> What to do
Transcribe the entries below exactly; leave every image out.

> Excerpted data

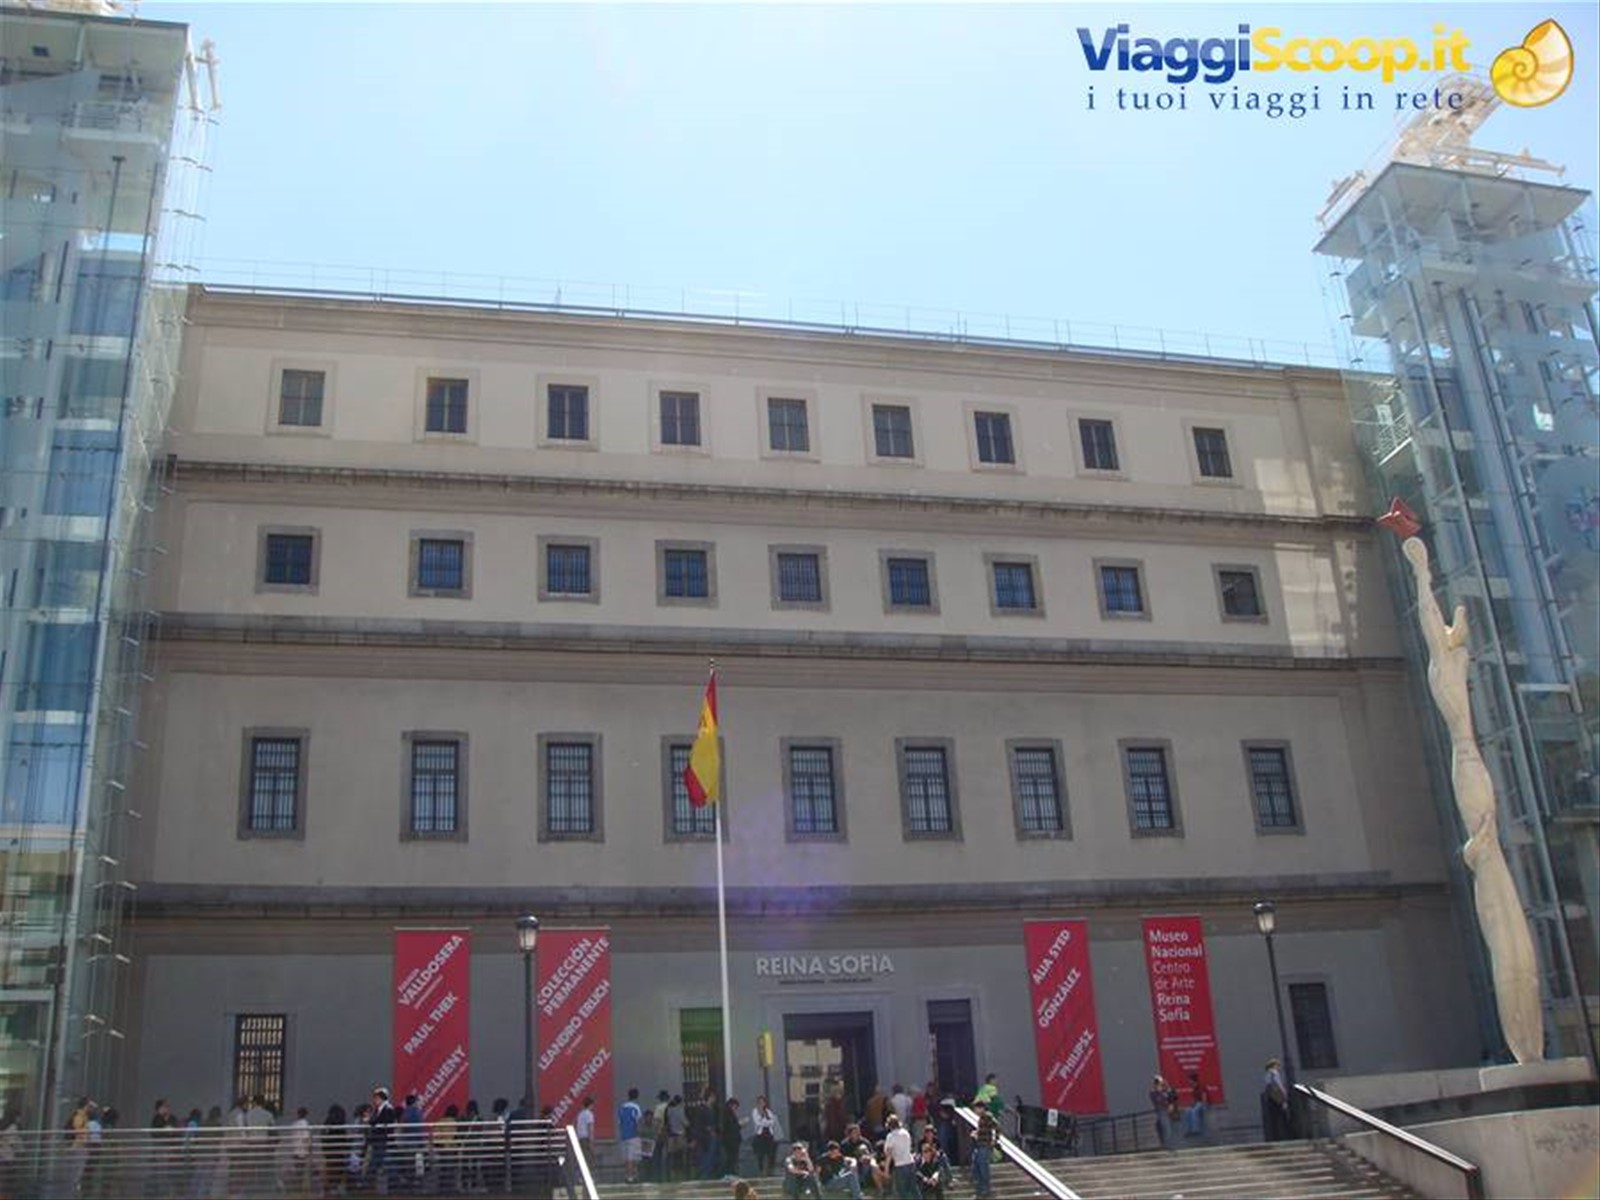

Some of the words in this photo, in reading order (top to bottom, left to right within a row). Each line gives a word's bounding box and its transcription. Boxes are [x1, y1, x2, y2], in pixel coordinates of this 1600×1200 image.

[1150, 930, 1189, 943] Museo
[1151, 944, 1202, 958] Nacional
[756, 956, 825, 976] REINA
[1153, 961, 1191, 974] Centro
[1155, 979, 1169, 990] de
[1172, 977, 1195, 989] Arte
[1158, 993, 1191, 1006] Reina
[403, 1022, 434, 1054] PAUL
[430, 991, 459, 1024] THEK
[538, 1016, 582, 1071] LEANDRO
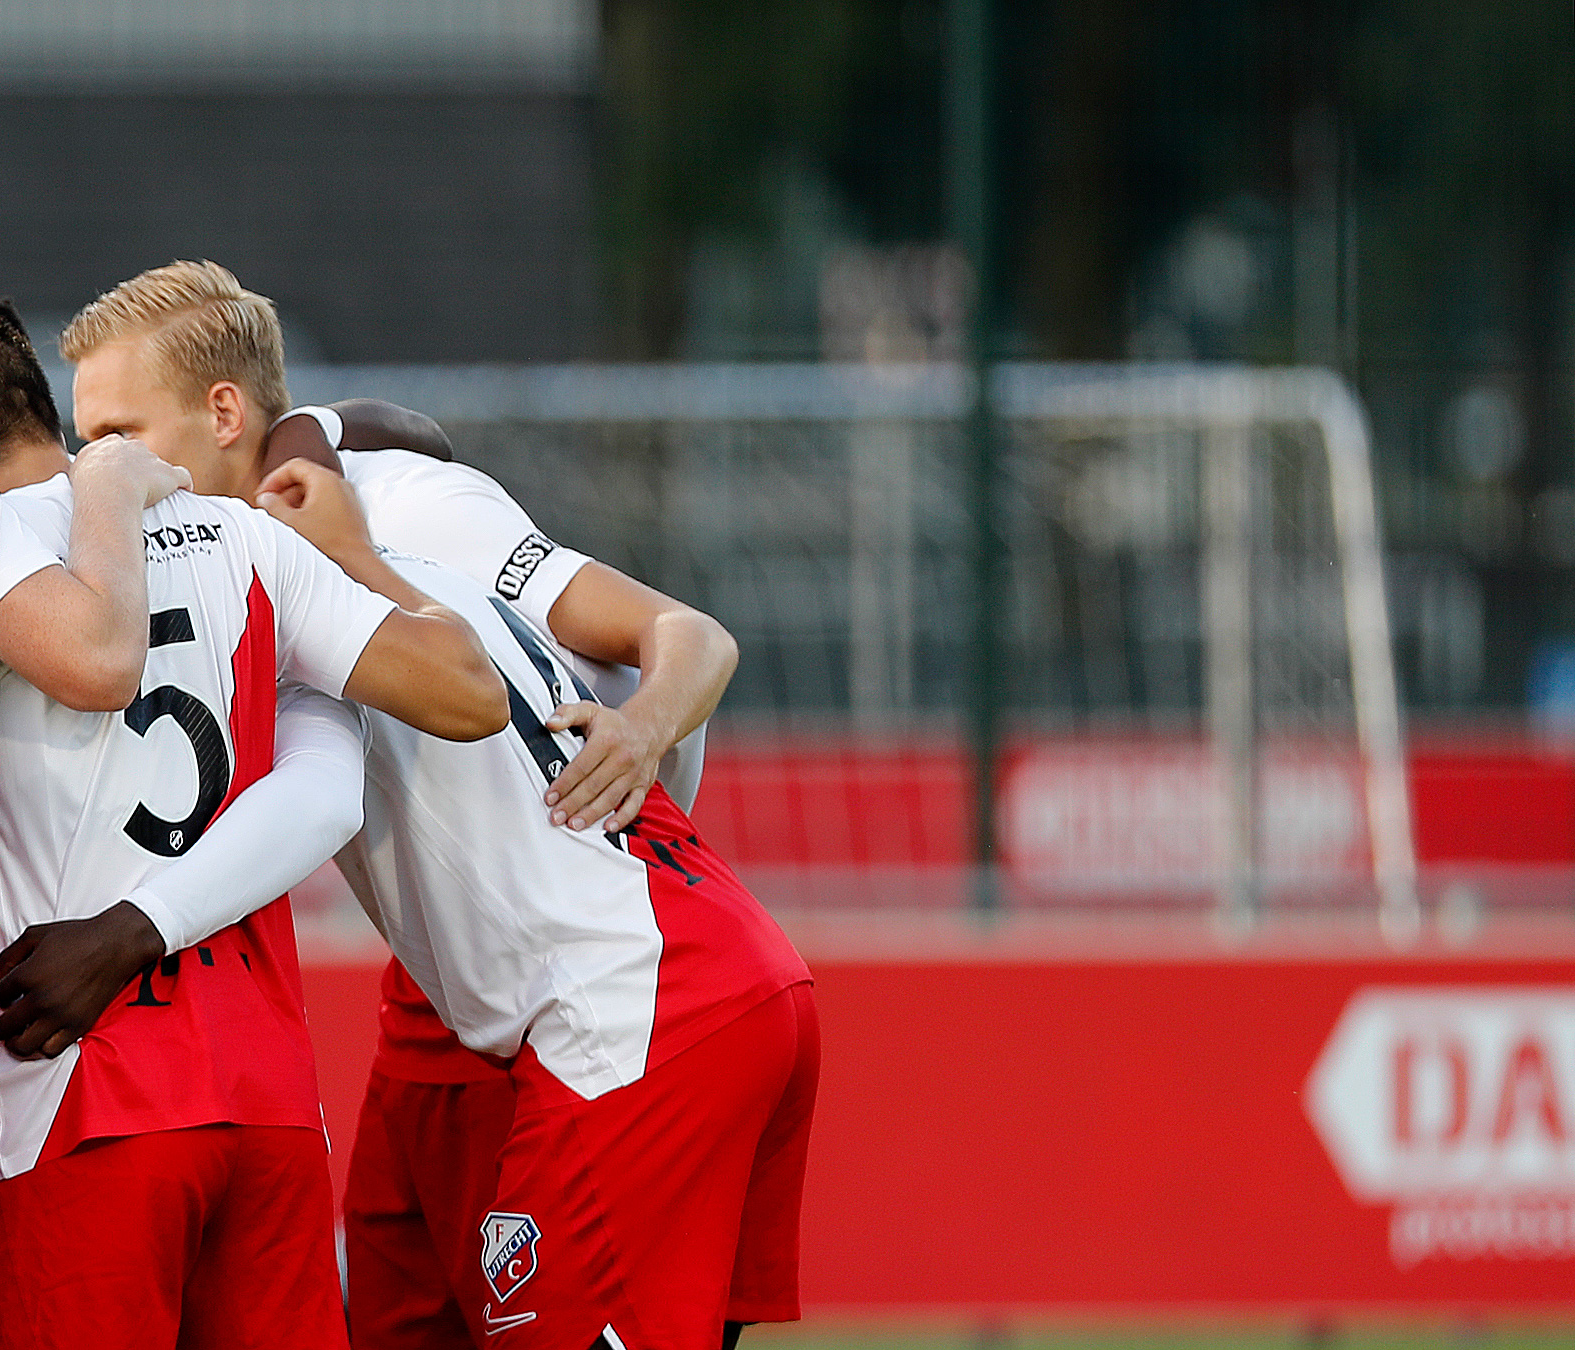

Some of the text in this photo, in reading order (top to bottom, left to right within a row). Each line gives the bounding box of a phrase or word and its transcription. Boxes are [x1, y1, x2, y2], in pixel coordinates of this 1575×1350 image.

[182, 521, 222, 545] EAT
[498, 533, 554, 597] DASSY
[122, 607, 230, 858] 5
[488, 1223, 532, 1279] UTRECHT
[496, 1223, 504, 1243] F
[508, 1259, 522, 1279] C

> Your response
Some of the words in this photo, in reading order (top to bottom, left to right within a row). Each line gives a word's bounding box and its transcription. Boxes are [x1, y1, x2, y2], in pixel coordinates of this 1600×1200 image.

[1150, 930, 1189, 943] Museo
[1151, 944, 1202, 958] Nacional
[756, 956, 825, 976] REINA
[1153, 961, 1191, 974] Centro
[1155, 979, 1169, 990] de
[1172, 977, 1195, 989] Arte
[1158, 993, 1191, 1006] Reina
[403, 1022, 434, 1054] PAUL
[430, 991, 459, 1024] THEK
[538, 1016, 582, 1071] LEANDRO

Some of the text in this photo, in reading order (top to bottom, left to right within a row). Each line gives the bounding box of a phrase or word and its transcription. Boxes are [x1, y1, x2, y2], in pixel coordinates of this 1575×1350 image.

[182, 521, 222, 545] EAT
[498, 533, 554, 597] DASSY
[122, 607, 230, 858] 5
[488, 1223, 532, 1279] UTRECHT
[496, 1223, 504, 1243] F
[508, 1259, 522, 1279] C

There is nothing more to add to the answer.